When Sheila came off she sought him out, and cried, “Oh, you were wonderful, simply wonderful!”
And when Batterson growled at her: “You spoiled several of his best laughs by talking through ’em. You ought to know better than that,” Sheila was so pleased for Eldon’s sake that she relished the rebuke.
Mrs. Vining had warned him to nail his laughs. At the next performance he tried to repeat his exact effects. Some of them he forgot, some of them he remembered. But they did not work this time. Others went better than ever. Each point was a new battle.
And so it was with every repetition. No two audiences were alike. Each had its own individuality. He began to study audiences as individuals. The first part of his first act was his period of getting acquainted. Some houses were quick and some slow, some noisily demonstrative, some quietly satisfied. It took all his powers to play his part. And he could not tire of it because every night was a first night in a new rôle.
Success made another man of him.
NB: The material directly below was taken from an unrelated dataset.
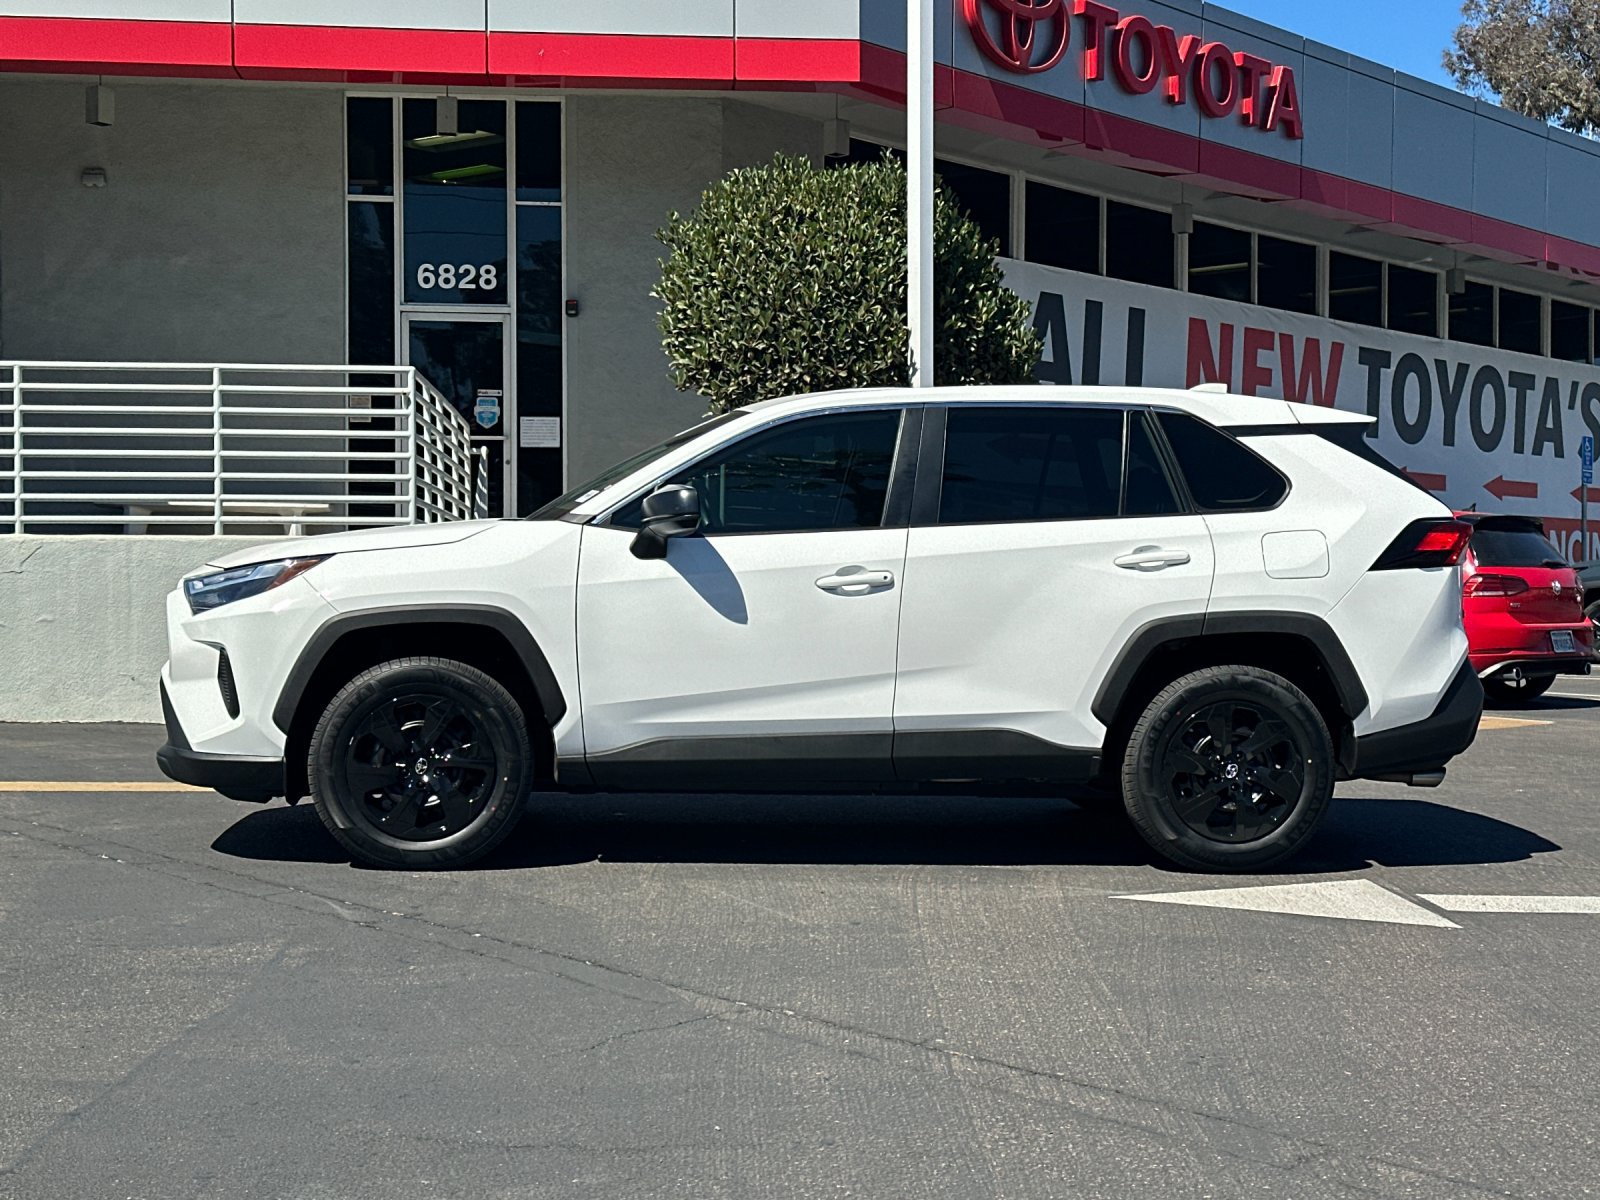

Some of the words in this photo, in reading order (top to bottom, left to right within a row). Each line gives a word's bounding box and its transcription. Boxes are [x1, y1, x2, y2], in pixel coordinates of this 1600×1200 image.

[1074, 0, 1303, 139] TOYOTA
[417, 263, 497, 290] 6828
[1186, 317, 1344, 408] NEW
He was interested in his task. He was winning praise for it. The management voluntarily raised his salary a little. He held his head a trifle higher.
Sheila noted the change at once. She liked him the better for it. She repeated her invitation to tea. He accepted now, and appeared in some new clothes. They were vastly becoming. On the stage he played a middle-aged henpecked plebeian. Off the stage he was young and handsome and thoroughbred.
He was a reader, too, and Sheila, like most actresses, was an omnivorous browser. They talked books. She lent him one of hers. He cherished it as if it were a breviary. They argued over literature and life. He ventured to contradict her. He was no longer a big mastiff at heel. He was forceful and stubborn. These qualities do not greatly displease a woman who likes a man.
Mrs. Vining was amused at first by the change in Sheila. Latterly the girl was constantly quoting “Mr. Eldon.” By and by it was “As Floyd Eldon says,” and one day Mrs. Vining heard, “Last night Floyd was telling me.” Then Aunt John grew alarmed, for she did not want Sheila to be in love—not for a long while yet, and never with an actor.
And Sheila had no intention of falling in love with an actor. But this did not prevent her from being the best of friends with one. All of Eldon’s qualities charmed Sheila as she discovered them. She had leisure for the discovery. There were no rehearsals; business was good at the theater; Eldon grew better and better in his performance. Sheila kept up her pace and enlarged her following. They dwelt in an atmosphere of contentment. But as her personal public increased and as the demands on her spirits and her time increased she began to take more pleasure in the company of Eldon and to like him best alone. She began to break old engagements, or fulfil them briefly, and to refuse new invitations.